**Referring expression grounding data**
◆ ◆ ◆ ◆ ◆ ◆ ◆
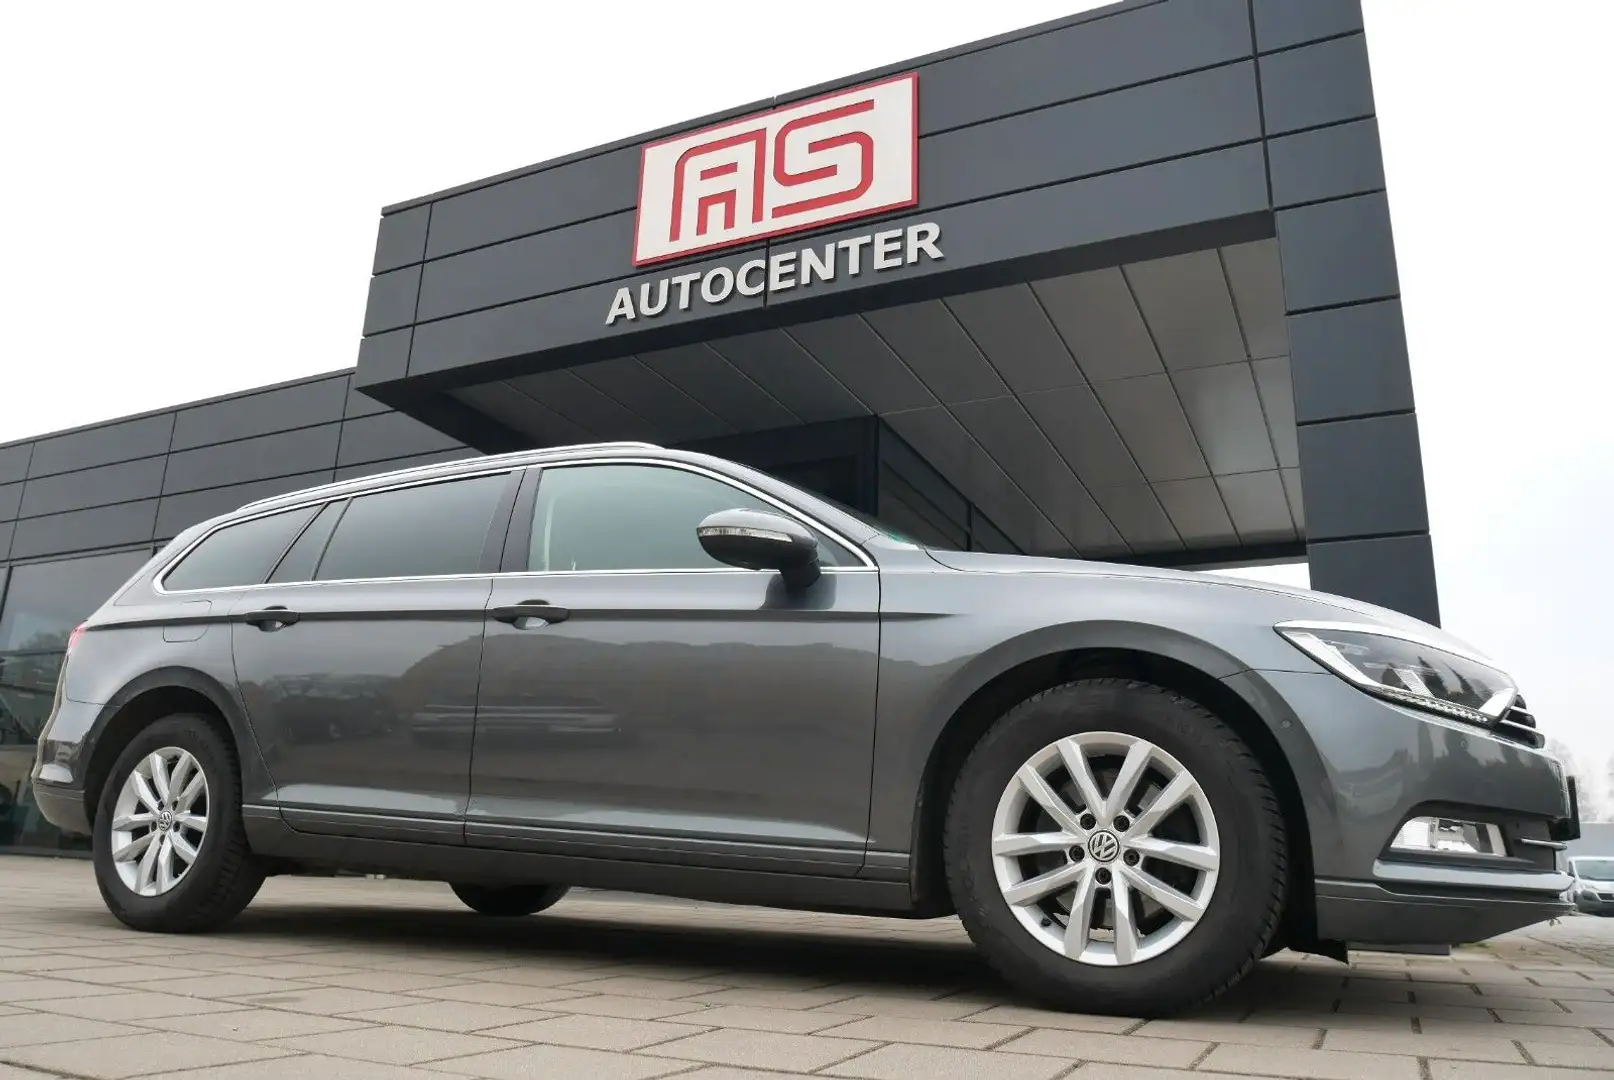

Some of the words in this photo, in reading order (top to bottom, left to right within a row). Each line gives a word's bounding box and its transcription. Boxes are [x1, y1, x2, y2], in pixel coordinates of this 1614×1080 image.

[669, 98, 875, 242] AS
[605, 222, 945, 325] AUTOCENTER
[1089, 831, 1119, 861] VW
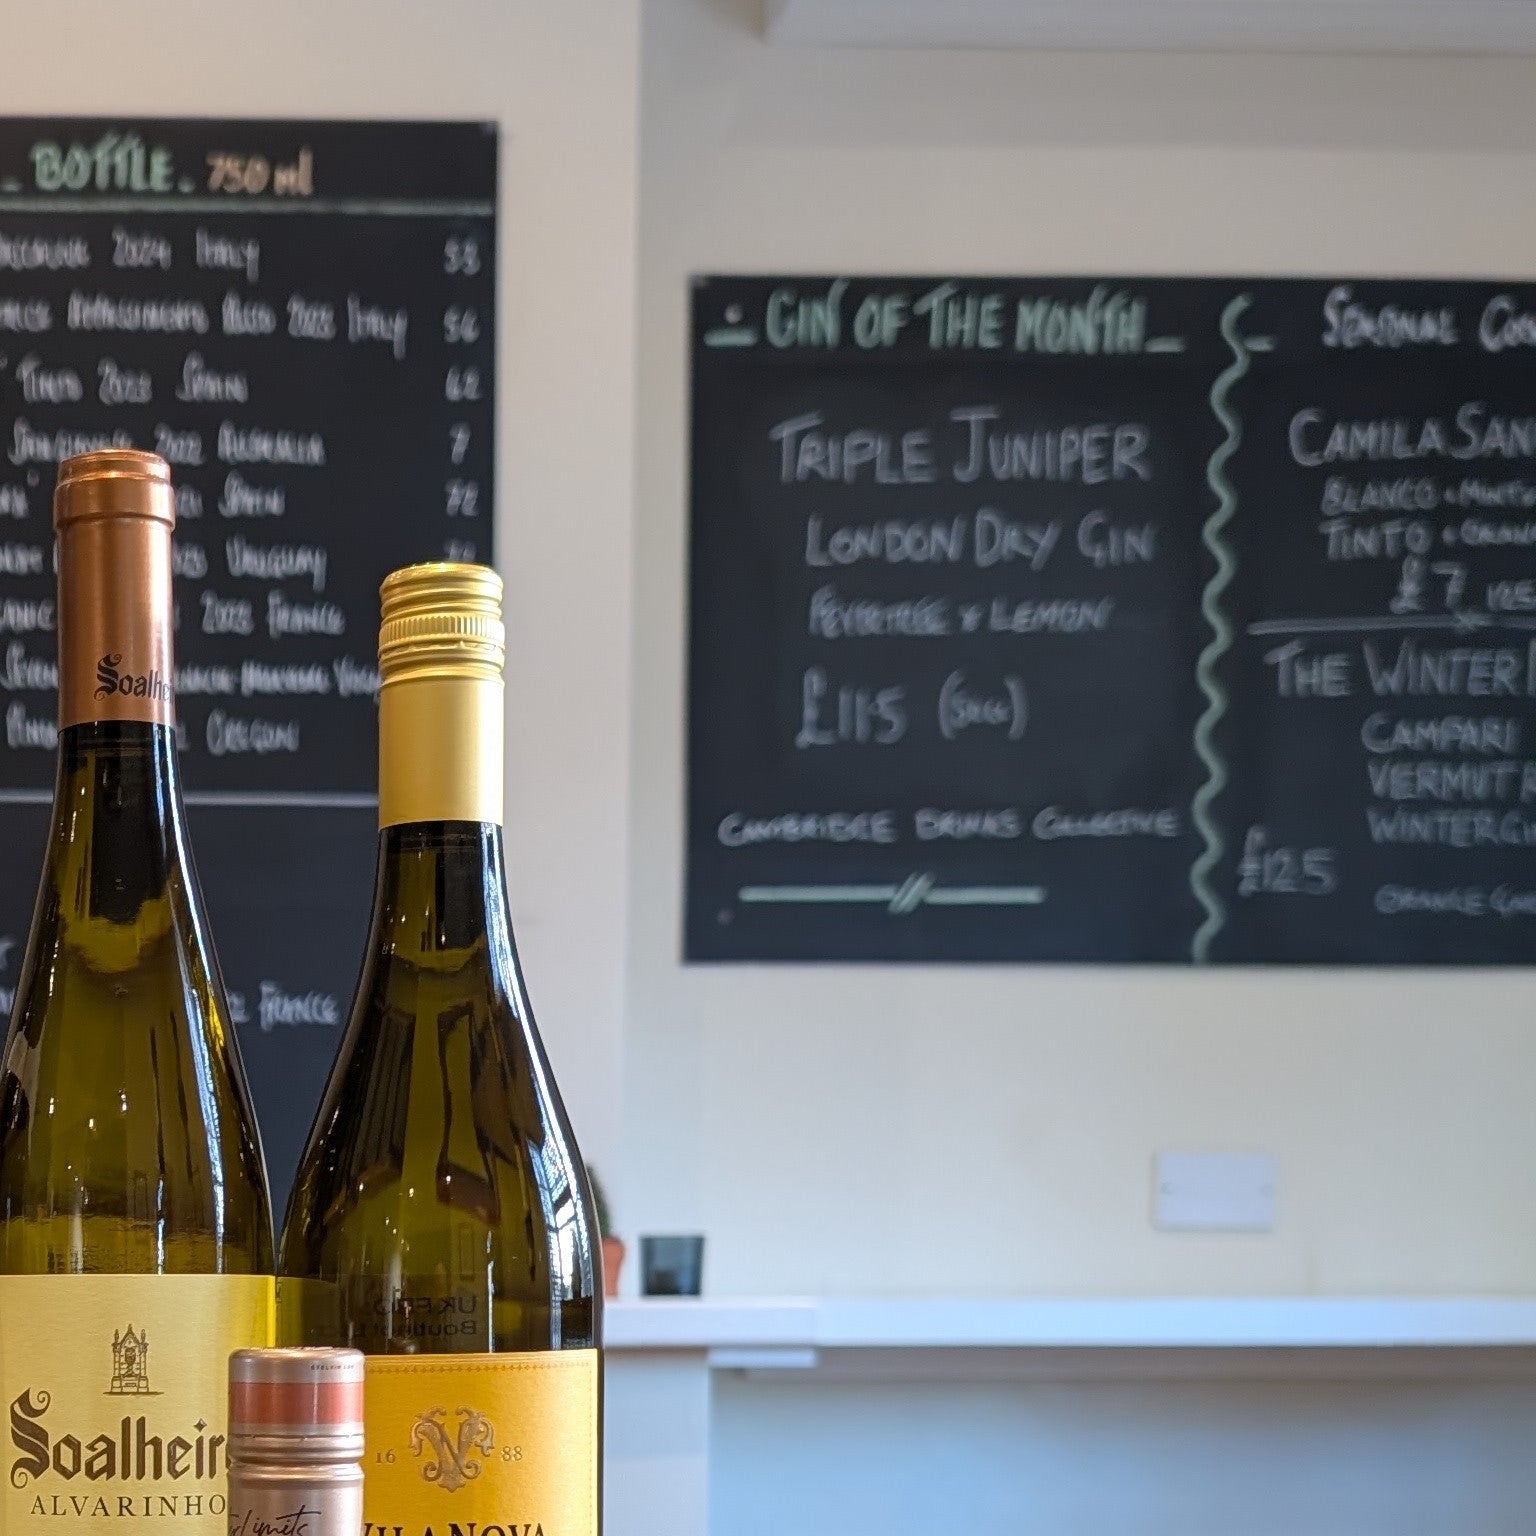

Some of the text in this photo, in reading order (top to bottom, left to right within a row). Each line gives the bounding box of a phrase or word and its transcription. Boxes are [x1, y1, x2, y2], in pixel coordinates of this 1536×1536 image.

[766, 278, 1146, 354] GIN OF THE MONTH
[770, 405, 1152, 484] TRIPLE JUNIPER
[1289, 407, 1446, 467] CAMILA
[804, 505, 1158, 571] LONDON DRY GIN
[1264, 636, 1521, 697] THE WINTER
[1362, 711, 1515, 754] CAMPARI
[10, 1387, 231, 1489] Soalheir
[499, 1445, 523, 1463] 88
[30, 1494, 226, 1517] ALVARINHO
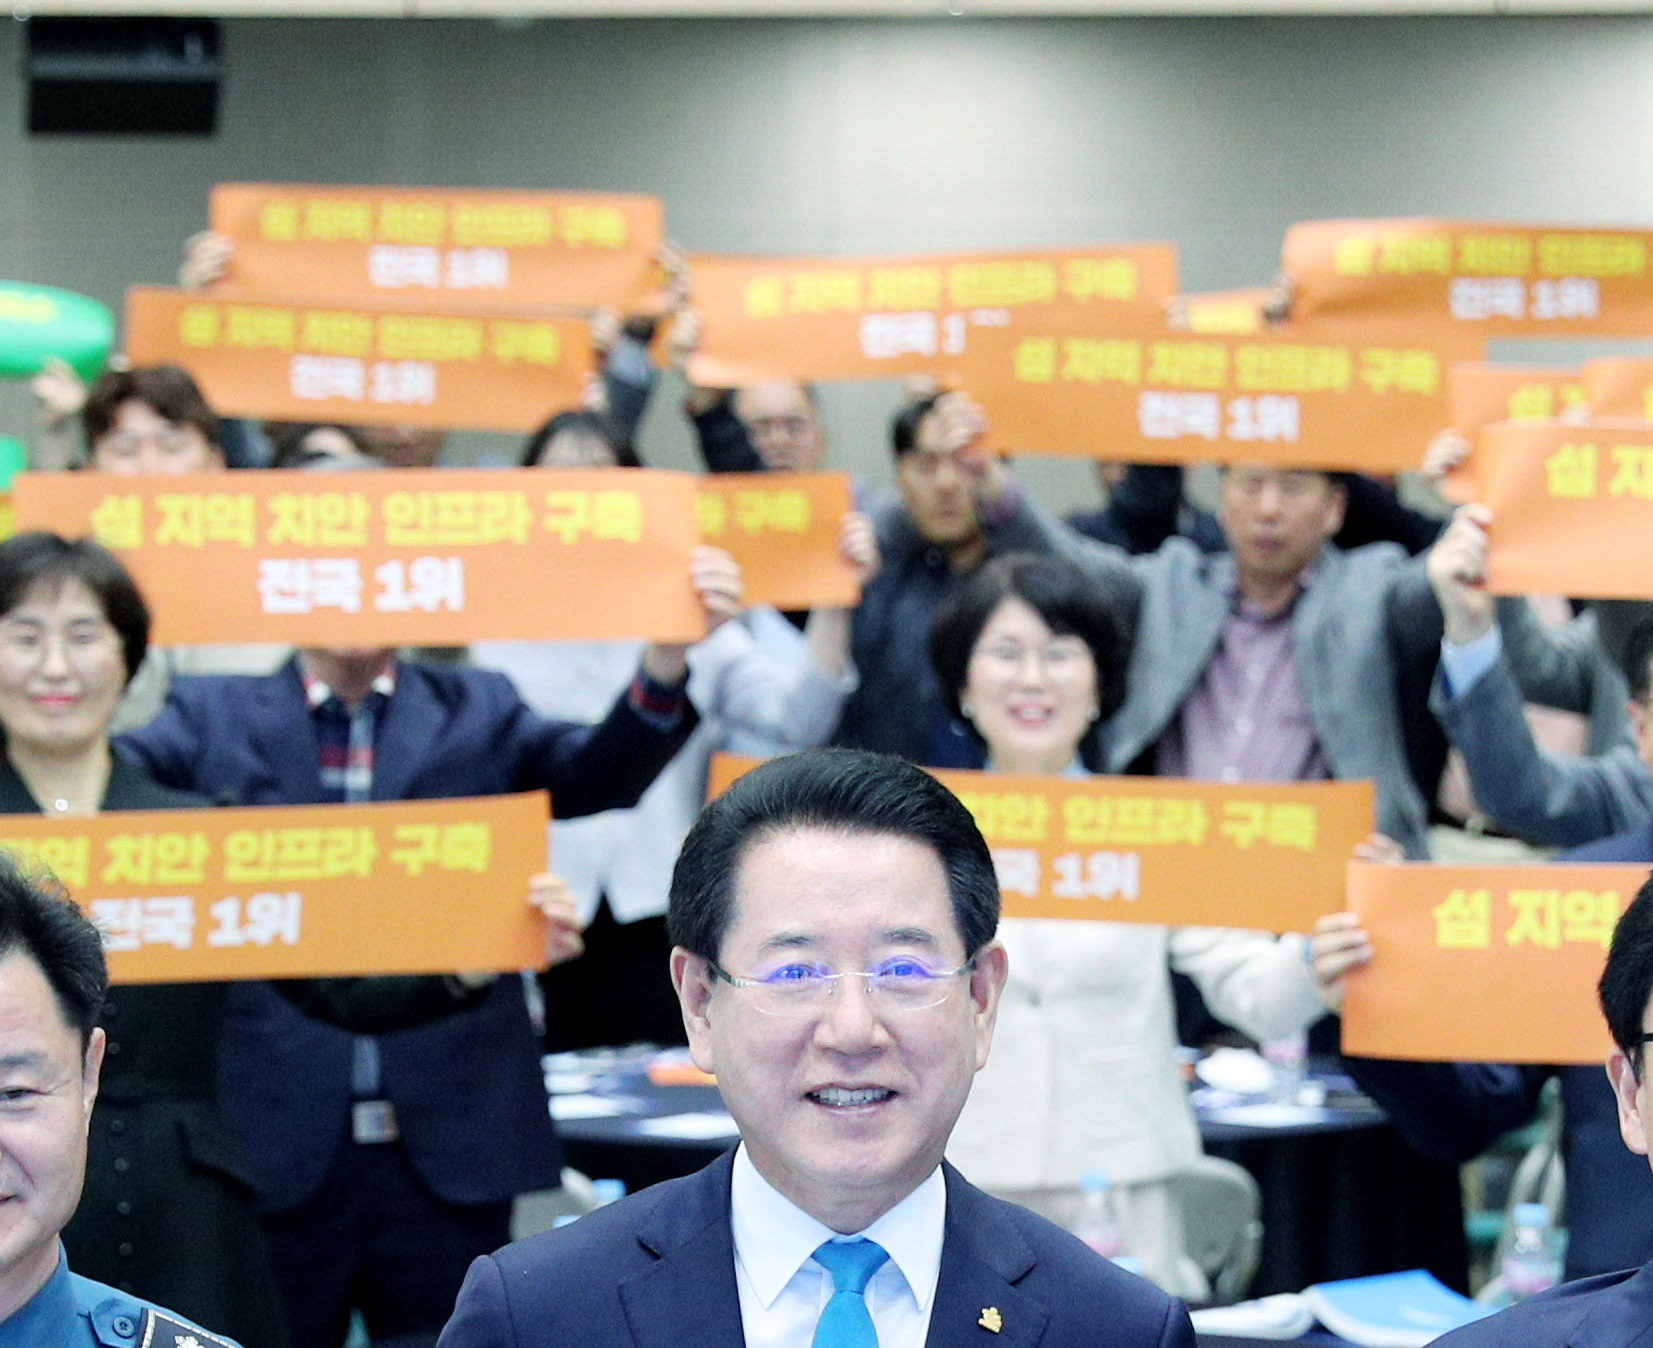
◆ ◆ ◆ ◆ ◆ ◆ ◆
**ACTION ITEM**
Restate the records above in full, word for word. Keep pictures out.

**ANSWER TO THIS TASK**
Some of the words in this photo, in reading order (top to bottom, left to right within a row). Each line gives a word's bounding box and its transcription. Boxes are [x1, y1, x2, y2], in pixel coordinates of this 1614×1080 image.

[669, 98, 875, 242] AS
[605, 222, 945, 325] AUTOCENTER
[1089, 831, 1119, 861] VW

Some of the text in this photo, in reading order (top to bottom, left to right within a row). Each line gives the bounding box of a phrase or word and its transcription. Boxes are [x1, y1, x2, y2], in pixel coordinates of this 1536×1536 image.

[766, 278, 1146, 354] GIN OF THE MONTH
[770, 405, 1152, 484] TRIPLE JUNIPER
[1289, 407, 1446, 467] CAMILA
[804, 505, 1158, 571] LONDON DRY GIN
[1264, 636, 1521, 697] THE WINTER
[1362, 711, 1515, 754] CAMPARI
[10, 1387, 231, 1489] Soalheir
[499, 1445, 523, 1463] 88
[30, 1494, 226, 1517] ALVARINHO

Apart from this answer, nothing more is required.